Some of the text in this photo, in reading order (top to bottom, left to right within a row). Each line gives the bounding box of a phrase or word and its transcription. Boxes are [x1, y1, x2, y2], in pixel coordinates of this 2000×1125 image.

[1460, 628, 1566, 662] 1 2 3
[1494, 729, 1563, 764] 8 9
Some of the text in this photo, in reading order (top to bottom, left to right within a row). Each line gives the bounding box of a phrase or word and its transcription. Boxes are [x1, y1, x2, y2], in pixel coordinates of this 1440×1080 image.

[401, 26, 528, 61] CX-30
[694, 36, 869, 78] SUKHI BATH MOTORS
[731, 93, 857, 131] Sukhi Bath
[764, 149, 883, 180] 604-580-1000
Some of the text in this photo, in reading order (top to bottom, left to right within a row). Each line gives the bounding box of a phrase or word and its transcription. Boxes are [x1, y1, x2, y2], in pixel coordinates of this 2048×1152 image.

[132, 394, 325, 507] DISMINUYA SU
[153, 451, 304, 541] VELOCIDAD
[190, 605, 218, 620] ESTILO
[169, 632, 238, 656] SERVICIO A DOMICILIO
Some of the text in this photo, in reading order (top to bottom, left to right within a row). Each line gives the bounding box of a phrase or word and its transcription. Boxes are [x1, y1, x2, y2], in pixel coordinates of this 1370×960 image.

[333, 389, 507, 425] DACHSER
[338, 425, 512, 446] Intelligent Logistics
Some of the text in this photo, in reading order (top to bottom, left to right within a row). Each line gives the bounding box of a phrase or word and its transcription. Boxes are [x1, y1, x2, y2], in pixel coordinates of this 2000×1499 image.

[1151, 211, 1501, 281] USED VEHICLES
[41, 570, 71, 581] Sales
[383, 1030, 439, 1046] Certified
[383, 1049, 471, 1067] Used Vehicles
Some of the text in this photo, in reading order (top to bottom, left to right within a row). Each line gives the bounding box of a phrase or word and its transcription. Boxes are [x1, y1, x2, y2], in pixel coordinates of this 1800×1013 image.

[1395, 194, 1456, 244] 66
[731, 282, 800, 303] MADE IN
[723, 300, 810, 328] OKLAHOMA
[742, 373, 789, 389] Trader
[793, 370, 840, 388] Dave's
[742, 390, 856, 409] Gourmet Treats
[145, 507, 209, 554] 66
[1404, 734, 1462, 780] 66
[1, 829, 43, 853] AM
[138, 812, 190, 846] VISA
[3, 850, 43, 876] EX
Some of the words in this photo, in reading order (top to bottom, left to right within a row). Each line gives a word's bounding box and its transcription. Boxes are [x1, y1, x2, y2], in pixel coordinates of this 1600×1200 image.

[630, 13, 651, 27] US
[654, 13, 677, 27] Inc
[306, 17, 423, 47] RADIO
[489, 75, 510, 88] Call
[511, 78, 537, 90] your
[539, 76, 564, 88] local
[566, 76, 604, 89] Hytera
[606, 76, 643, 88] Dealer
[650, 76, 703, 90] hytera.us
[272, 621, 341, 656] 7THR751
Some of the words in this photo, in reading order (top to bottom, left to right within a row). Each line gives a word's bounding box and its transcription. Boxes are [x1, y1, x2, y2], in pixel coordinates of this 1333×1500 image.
☆ ☆ ☆ ☆ ☆ ☆ ☆
→ TASK TO COMPLETE
The entire listing is to be printed once more, word for word.

→ SOLUTION TO THIS TASK
Some of the text in this photo, in reading order (top to bottom, left to right within a row). Each line gives the bounding box of a phrase or word and its transcription. Boxes are [x1, y1, x2, y2], in pixel coordinates of this 2000×1125 image.

[1460, 628, 1566, 662] 1 2 3
[1494, 729, 1563, 764] 8 9
Some of the text in this photo, in reading order (top to bottom, left to right within a row). Each line gives the bounding box of a phrase or word and its transcription. Boxes are [x1, y1, x2, y2], in pixel coordinates of this 1440×1080 image.

[401, 26, 528, 61] CX-30
[694, 36, 869, 78] SUKHI BATH MOTORS
[731, 93, 857, 131] Sukhi Bath
[764, 149, 883, 180] 604-580-1000
Some of the text in this photo, in reading order (top to bottom, left to right within a row). Each line gives the bounding box of a phrase or word and its transcription. Boxes are [x1, y1, x2, y2], in pixel coordinates of this 2048×1152 image.

[132, 394, 325, 507] DISMINUYA SU
[153, 451, 304, 541] VELOCIDAD
[190, 605, 218, 620] ESTILO
[169, 632, 238, 656] SERVICIO A DOMICILIO
Some of the text in this photo, in reading order (top to bottom, left to right within a row). Each line gives the bounding box of a phrase or word and its transcription. Boxes are [x1, y1, x2, y2], in pixel coordinates of this 1370×960 image.

[333, 389, 507, 425] DACHSER
[338, 425, 512, 446] Intelligent Logistics
Some of the text in this photo, in reading order (top to bottom, left to right within a row). Each line gives the bounding box of a phrase or word and its transcription. Boxes are [x1, y1, x2, y2], in pixel coordinates of this 2000×1499 image.

[1151, 211, 1501, 281] USED VEHICLES
[41, 570, 71, 581] Sales
[383, 1030, 439, 1046] Certified
[383, 1049, 471, 1067] Used Vehicles
Some of the text in this photo, in reading order (top to bottom, left to right within a row). Each line gives the bounding box of a phrase or word and its transcription. Boxes are [x1, y1, x2, y2], in pixel coordinates of this 1800×1013 image.

[1395, 194, 1456, 244] 66
[731, 282, 800, 303] MADE IN
[723, 300, 810, 328] OKLAHOMA
[742, 373, 789, 389] Trader
[793, 370, 840, 388] Dave's
[742, 390, 856, 409] Gourmet Treats
[145, 507, 209, 554] 66
[1404, 734, 1462, 780] 66
[1, 829, 43, 853] AM
[138, 812, 190, 846] VISA
[3, 850, 43, 876] EX
Some of the words in this photo, in reading order (top to bottom, left to right within a row). Each line gives a word's bounding box and its transcription. Boxes are [x1, y1, x2, y2], in pixel coordinates of this 1600×1200 image.

[630, 13, 651, 27] US
[654, 13, 677, 27] Inc
[306, 17, 423, 47] RADIO
[489, 75, 510, 88] Call
[511, 78, 537, 90] your
[539, 76, 564, 88] local
[566, 76, 604, 89] Hytera
[606, 76, 643, 88] Dealer
[650, 76, 703, 90] hytera.us
[272, 621, 341, 656] 7THR751
Some of the words in this photo, in reading order (top to bottom, left to right within a row). Each line gives a word's bounding box and its transcription. Boxes are [x1, y1, x2, y2], in pixel coordinates of this 1333×1500 image.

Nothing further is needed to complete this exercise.